§ Aim of the exercise: Pictures aside, each record should be reproduced exactly.

[Spatial localization data]
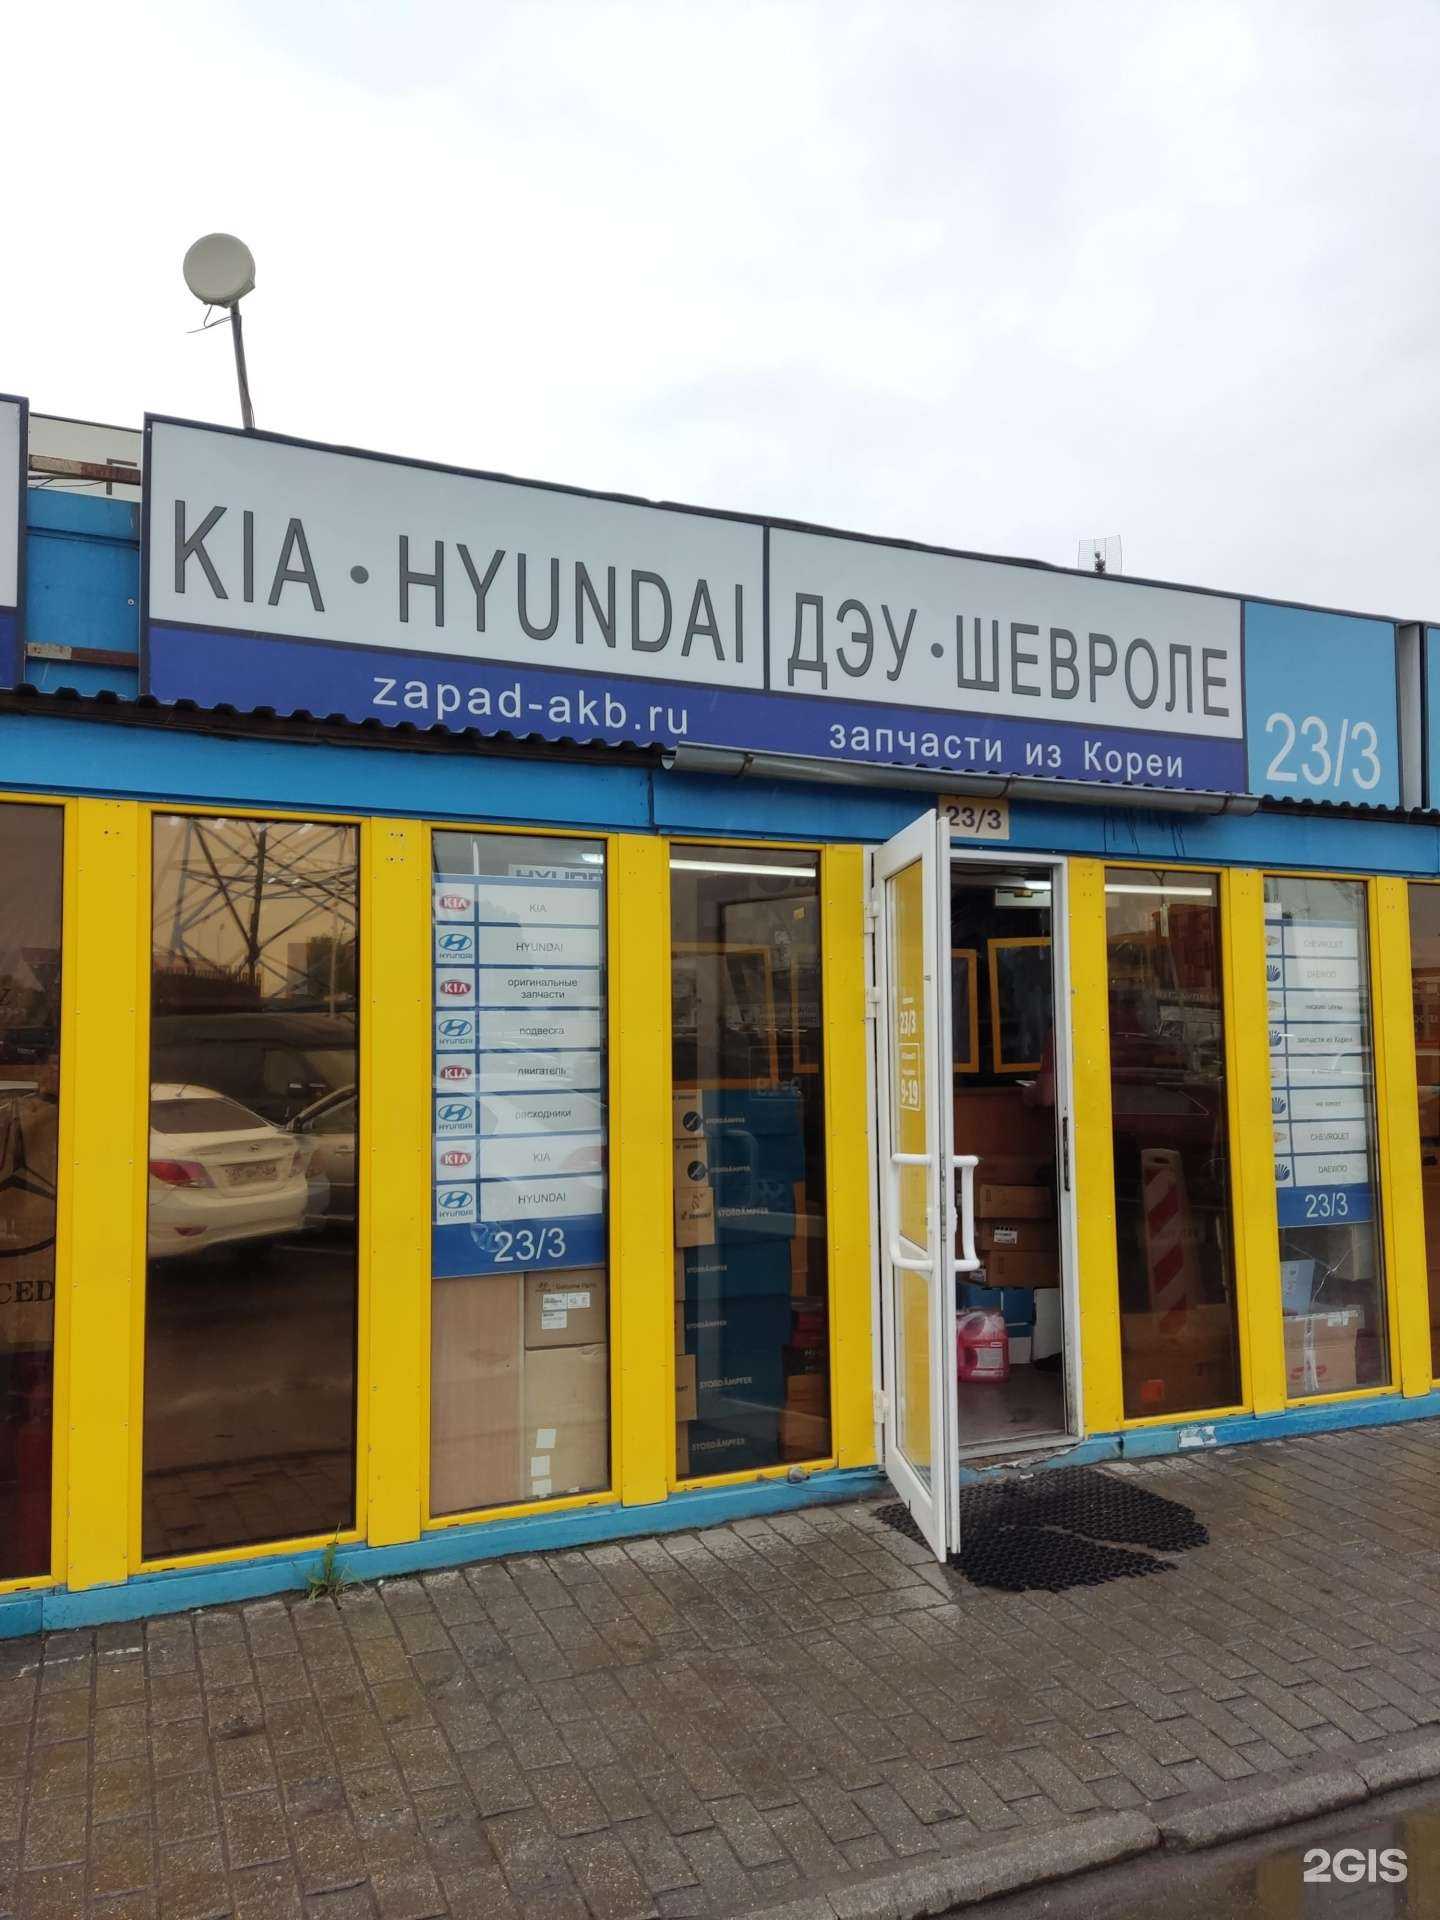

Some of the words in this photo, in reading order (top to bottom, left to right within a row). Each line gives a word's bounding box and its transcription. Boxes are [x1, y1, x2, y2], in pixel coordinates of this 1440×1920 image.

[174, 499, 325, 611] KIA
[399, 534, 743, 663] HYUNDAI
[787, 592, 917, 690] ДЭУ
[956, 614, 1229, 717] ШЕВРОЛЕ
[372, 676, 688, 735] zapad-akb.ru
[829, 723, 1003, 764] запчасти
[1026, 745, 1062, 768] из
[1084, 742, 1183, 779] Кореи
[1265, 712, 1381, 790] 23/3
[945, 805, 1001, 833] 23/3
[443, 896, 468, 909] KIA
[529, 904, 547, 912] KIA
[516, 942, 563, 952] HYUNDAI
[444, 982, 468, 994] KIA
[508, 979, 578, 988] оригинальные
[521, 992, 565, 1000] запчасти
[444, 1067, 468, 1079] KIA
[439, 1123, 473, 1131] HYUNDAI
[444, 1153, 468, 1165] KIA
[534, 1153, 551, 1162] KIA
[518, 1193, 566, 1205] HYUNDAI
[1305, 1193, 1348, 1218] 23/3
[439, 1210, 474, 1218] HYUNDAI
[494, 1227, 566, 1262] 23/3
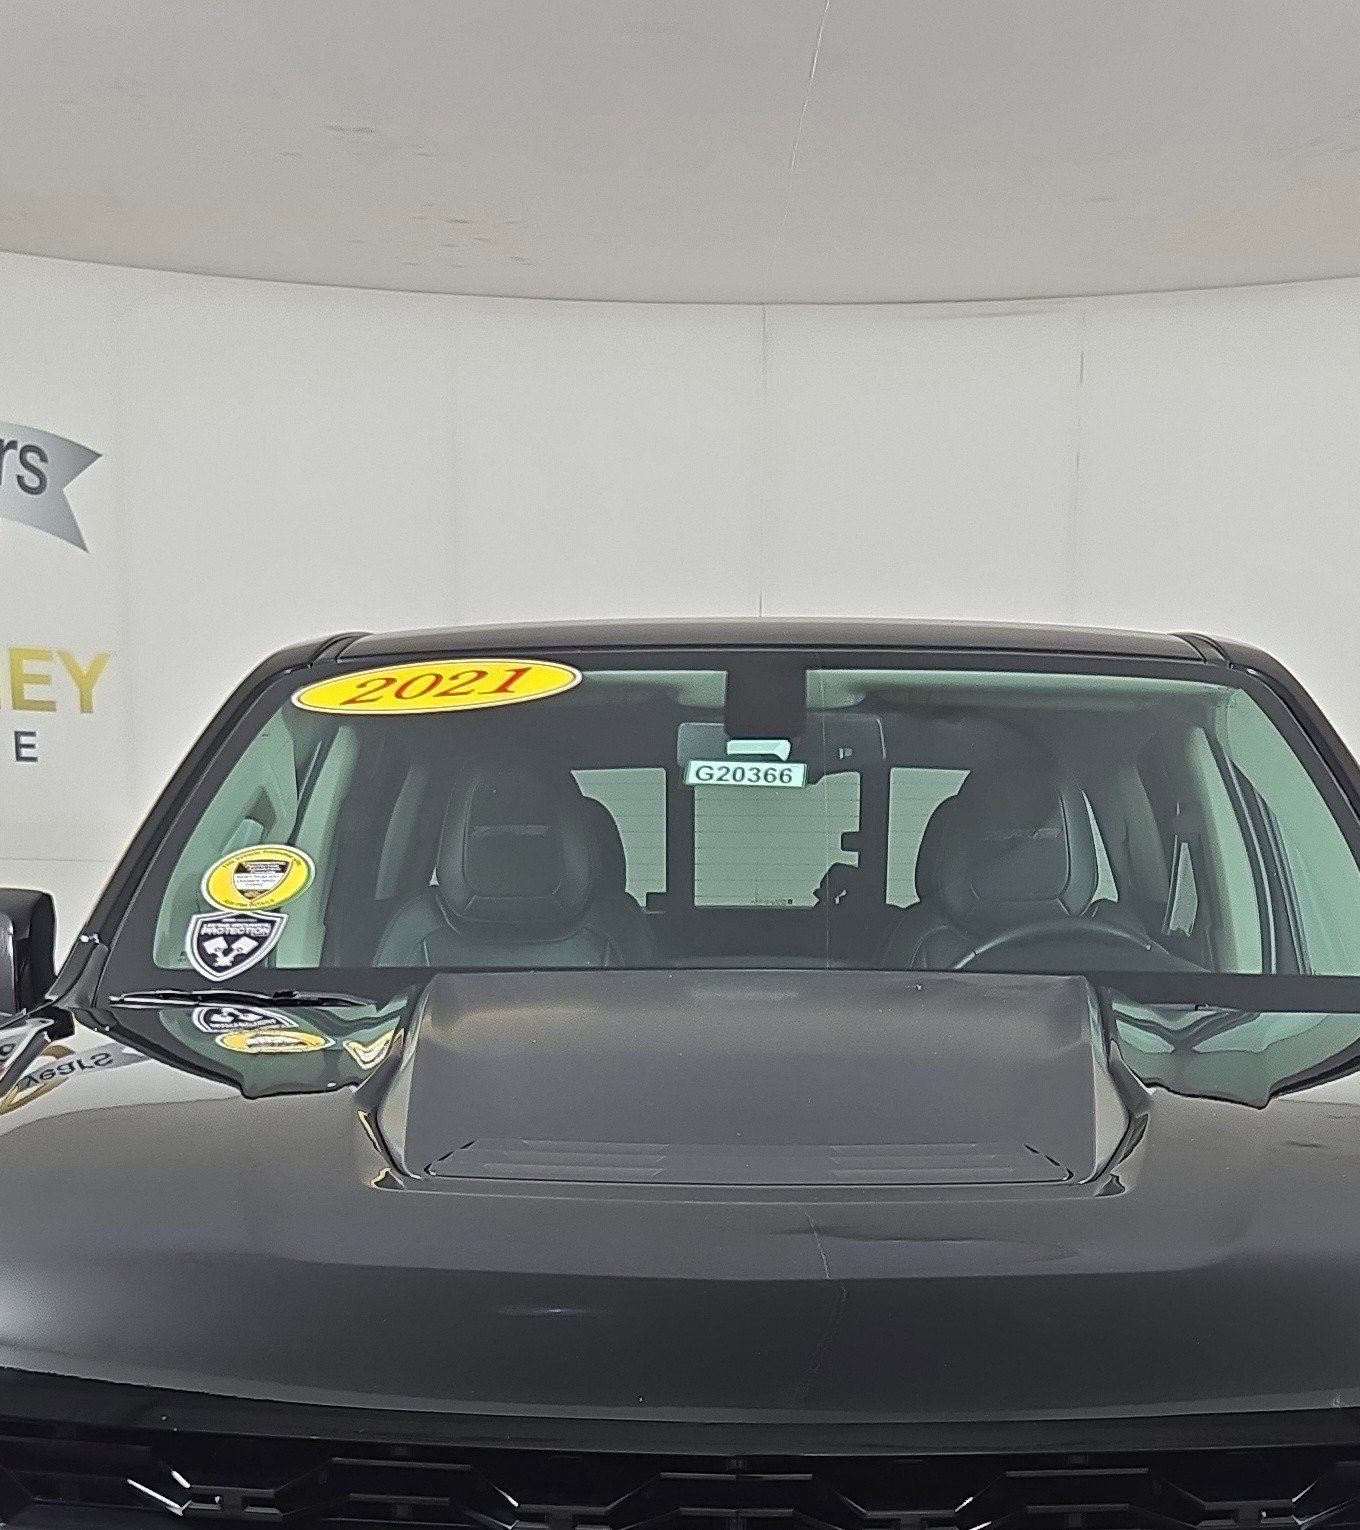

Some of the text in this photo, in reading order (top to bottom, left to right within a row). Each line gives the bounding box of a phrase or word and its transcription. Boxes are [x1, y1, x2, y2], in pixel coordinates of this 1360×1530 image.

[339, 665, 526, 708] 2021
[694, 763, 794, 787] G20366
[201, 925, 270, 936] PROTECTION

§ Task response:
Some of the words in this photo, in reading order (top to bottom, left to right within a row). Each line gives a word's bounding box and its transcription. Boxes are [x1, y1, x2, y2], in pixel coordinates of this 1440×1920 image.

[174, 499, 325, 611] KIA
[399, 534, 743, 663] HYUNDAI
[787, 592, 917, 690] ДЭУ
[956, 614, 1229, 717] ШЕВРОЛЕ
[372, 676, 688, 735] zapad-akb.ru
[829, 723, 1003, 764] запчасти
[1026, 745, 1062, 768] из
[1084, 742, 1183, 779] Кореи
[1265, 712, 1381, 790] 23/3
[945, 805, 1001, 833] 23/3
[443, 896, 468, 909] KIA
[529, 904, 547, 912] KIA
[516, 942, 563, 952] HYUNDAI
[444, 982, 468, 994] KIA
[508, 979, 578, 988] оригинальные
[521, 992, 565, 1000] запчасти
[444, 1067, 468, 1079] KIA
[439, 1123, 473, 1131] HYUNDAI
[444, 1153, 468, 1165] KIA
[534, 1153, 551, 1162] KIA
[518, 1193, 566, 1205] HYUNDAI
[1305, 1193, 1348, 1218] 23/3
[439, 1210, 474, 1218] HYUNDAI
[494, 1227, 566, 1262] 23/3

Some of the text in this photo, in reading order (top to bottom, left to right within a row). Each line gives the bounding box of a phrase or word and its transcription. Boxes are [x1, y1, x2, y2], in pixel coordinates of this 1360×1530 image.

[339, 665, 526, 708] 2021
[694, 763, 794, 787] G20366
[201, 925, 270, 936] PROTECTION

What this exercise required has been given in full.